Self assessed measures of quality of life (QoL) and health status have been associated with development of disease, disability and mortality, and are now considered as key parameters in the process of policy making, allocation of services and provision of care [13]. These measures capture a multidimensional perspective of an individuals state of health and wellbeing and therefore incorporate a comprehensive definition of health as defined by the World Health Organisation: ‘a complete state of physical, mental and social well-being, and not merely the absence of disease or infirmity’ [4].

Different studies have suggested that self assessed QoL and health status are modified by different factors including age, education, physical activity and depressive symptoms [1, 58]. Nevertheless, the majority of available measures of QoL yield results that are generally culture-specific and lack validation in multiple populations, except for a few, which include the short form 36 (SF-36) [9]. These challenges in optimally measuring QoL have limited the capacity to understand the interplay between personal and social factors with QoL and how this might vary across populations.

Hence, in this report, we performed a cross-cultural comparison of reported QoL in two countries: the United Kingdom and the United States of America, with the aim to evaluate and compare measured QoL and the factors correlated. The QoL of people living in these two countries has been ranked among the top 20 in the world [10], yet they have different welfare and health care systems, which could impact QoL [11].


Study population

We used two large population-based studies: the Whitehall II study from the UK and the Western New York Health Study (n = 3,684) from the United States.

Whitehall II Study (WHS)

The UK participants in this report were sourced from the WHS, recruited from 20 civil service departments based in London, in 1985–1988 (phase 1). The initial response rate was 73%, and the final cohort consisted of 10,308 participants (3,413 women and 6,895 men). Follow-up screening was carried out in 1991–1993 (phase 3), 1997–1999 (phase 5), 2002–2004 (phase 7), and postal questionnaires were sent to participants in 1989 (phase 2), 1995 (phase 4), 2001 (phase 6) and 2006 (phase 8). The participation rates of the original cohort (n = 10,308) were 83, 76 and 68% at phases 3, 5, and 7, respectively. More details of this study can be found elsewhere [13, 14]. For the current analyses we used data from 6,472 white participants with available information who attended phase 5 of the WHS.

Western New York Health Study (WNYHS)

The US participants were taken from a sample of those enrolled as control participants in the WNYHS (detailed description can be found elsewhere [15]) In short, this is a series of case–control studies. Potential controls had to fulfil the following eligible criteria: (1) residents of Erie and Niagara counties: (2) age 35–79 years, (3) no cancer history.

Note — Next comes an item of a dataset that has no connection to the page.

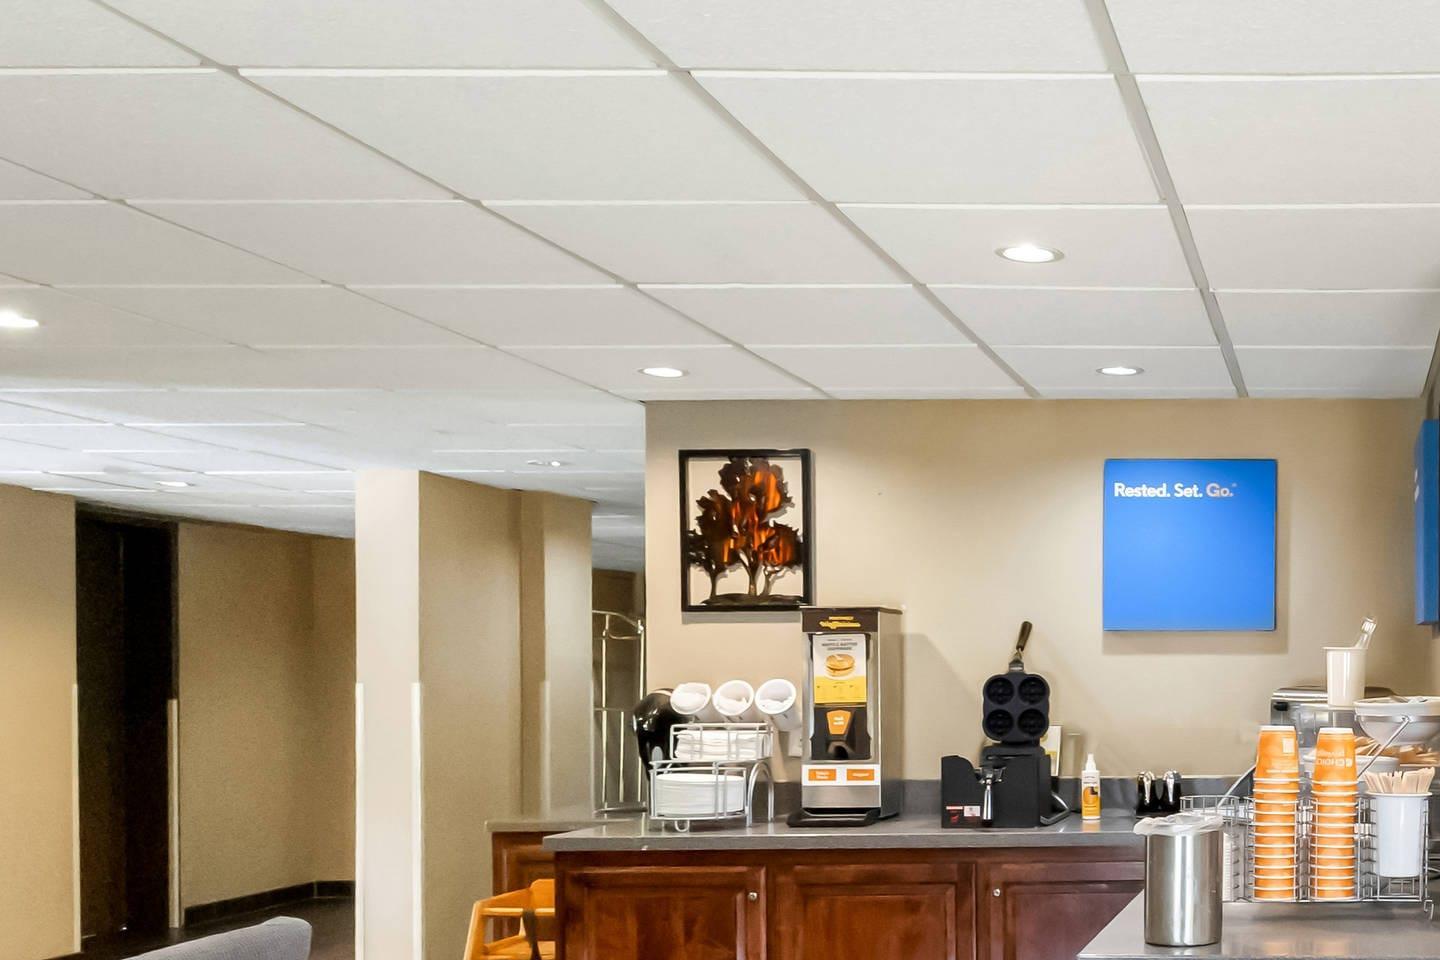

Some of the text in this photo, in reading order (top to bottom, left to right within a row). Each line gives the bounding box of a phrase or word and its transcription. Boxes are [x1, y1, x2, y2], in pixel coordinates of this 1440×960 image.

[1113, 482, 1234, 498] Rested. Set. Go.

The participants were identified from two sources: (a) Department of Motor Vehicles of New York State for participants aged 35–64 years, (b) Health care financing administration (HCFA) lists for those aged 65–79 years. Six thousand eight hundred and thirty seven potential participants were identified, contacted and deemed eligible between 1996 and 2001. Of those 4,065 agreed to participate and were examined, for a participation rate of 59.5%. For the current analyses we used data from 3,684 white participants with available information, as previously described in detail [16].

Short form-36 (SF-36)

The SF-36 is an instrument used in different populations to measure QoL and health status [1719]. This form yields an 8-scale profile of functional health and well-being scores as well as psychometrically-based physical and mental health summary measures and a preference-based health utility index. Participants respond to 36 items aggregated to form subscales that measure the respondents’ impression of their health-related functioning in eight areas: physical functioning, role limitations due to physical problems, bodily pain, general health perceptions, vitality, social functioning, role limitations due to emotional problems and mental health. Scales are scored on a 0–100 scale, with higher scores indicating better QoL. The first four subscales indicate respondents’ physical health status (PCS), while the last four indicate mental health status (MCS). Factor analysis has been applied to the scales to create a physical and mental health component summary, which are standardized as t scores (mean of 50 and standard deviation of 10) and have higher reliability than the individual scales [20]. Therefore, in the current study, QoL assessment was based on these two component summaries (physical and mental).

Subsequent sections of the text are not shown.